While big data is used in areas such as robotics, medicine, engineering, it can help us address a range of business activities from customer experience to analytics. Here are a few of them:

Product development

Companies like Netflix and Procter & Gamble use big data to estimate customer demand. They formulate predictive models for new products and services by classifying the key features of past and existing products or services and modeling the relationship between these features and the commercial success of offers. In addition, P&G uses data analysis with data from focus groups, social media, test markets and first store distribution to plan, produce and launch new products.

Predictive Maintenance

Factors that can predict mechanical failures, structural data such as the year, make and model of the equipment, as well as unstructured data including millions of log entries, sensor data, error messages and engine temperature, can be embedded in the data system. Thus, organizations applying the method of analyzing the problem indicators before possible problems can perform product maintenance more cost-effectively and maximize parts and equipment uptime.

Customer Experience

It is now possible to see the customer experience quite clearly. Big data allows you to collect data from social media, web visits, call logs and other data sources to enhance the interaction experience and maximize the value offered. Organizations can then provide personalized offers, reduce customer loss and proactively address issues.

Fraud and Obedience

When it comes to security, you’re not only confronted with a few bandit hackers, but with all the expert teams. Fortunately, security systems and compliance requirements are constantly evolving. Big data helps you to recognize patterns in data that compile aggregate information, with potentially dangerous data to make regulatory reporting much faster, and avoid potential problems.

Machine Learning

Machine learning is currently a very popular topic, and along with this popularity one of the main sources of developments in machine learning technology is of course big data. Now we can teach them how to use information, rather than planning them in length. The information obtained through the analysis of big data makes it easier for us to produce machine learning models and accelerate the learning process.

Operational Efficiency

Operational efficiency often does not have news value, but big data is most effective in this area. Using large data, it is possible to analyze and evaluate production, customer feedback and other factors to reduce interruptions in manufacturing and sales processes and to forecast future demands. Large data can also be used to improve and simplify decision-making based on current market demand.

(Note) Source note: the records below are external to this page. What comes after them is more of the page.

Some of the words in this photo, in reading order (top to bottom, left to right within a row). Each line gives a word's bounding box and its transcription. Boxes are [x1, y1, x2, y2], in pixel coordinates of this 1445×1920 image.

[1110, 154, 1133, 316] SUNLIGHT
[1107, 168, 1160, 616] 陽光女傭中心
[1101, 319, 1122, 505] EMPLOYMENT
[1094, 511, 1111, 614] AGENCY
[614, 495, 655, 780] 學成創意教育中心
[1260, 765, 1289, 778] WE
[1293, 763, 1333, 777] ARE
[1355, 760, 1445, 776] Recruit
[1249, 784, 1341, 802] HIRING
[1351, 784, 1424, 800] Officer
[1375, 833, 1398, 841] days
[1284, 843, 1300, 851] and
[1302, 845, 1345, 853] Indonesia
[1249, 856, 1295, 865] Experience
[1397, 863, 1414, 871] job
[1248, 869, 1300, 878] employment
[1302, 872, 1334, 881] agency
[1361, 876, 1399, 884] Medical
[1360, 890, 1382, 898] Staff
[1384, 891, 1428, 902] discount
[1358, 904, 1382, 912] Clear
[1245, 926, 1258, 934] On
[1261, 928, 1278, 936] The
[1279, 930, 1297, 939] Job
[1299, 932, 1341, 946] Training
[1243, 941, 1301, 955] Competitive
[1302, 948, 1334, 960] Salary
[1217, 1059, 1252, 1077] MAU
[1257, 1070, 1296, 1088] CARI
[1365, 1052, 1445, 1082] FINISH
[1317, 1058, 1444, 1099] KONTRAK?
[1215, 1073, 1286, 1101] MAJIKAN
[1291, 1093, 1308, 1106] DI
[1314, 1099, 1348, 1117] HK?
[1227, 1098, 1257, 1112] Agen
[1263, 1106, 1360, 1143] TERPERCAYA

Big data; It can help you innovate by examining the interdependence-relationship between people, institutions, assets, and processes, and then identifying new ways to use that information. Data forecasts can also be used to improve decisions on finance and planning. It is possible to determine which customers want to benefit from new products and new technologies through big data analysis. Determining dynamic prices for products through the data obtained depending on the conditions of the day is another opportunity that big data offers. The number of such facilities can of course be increased.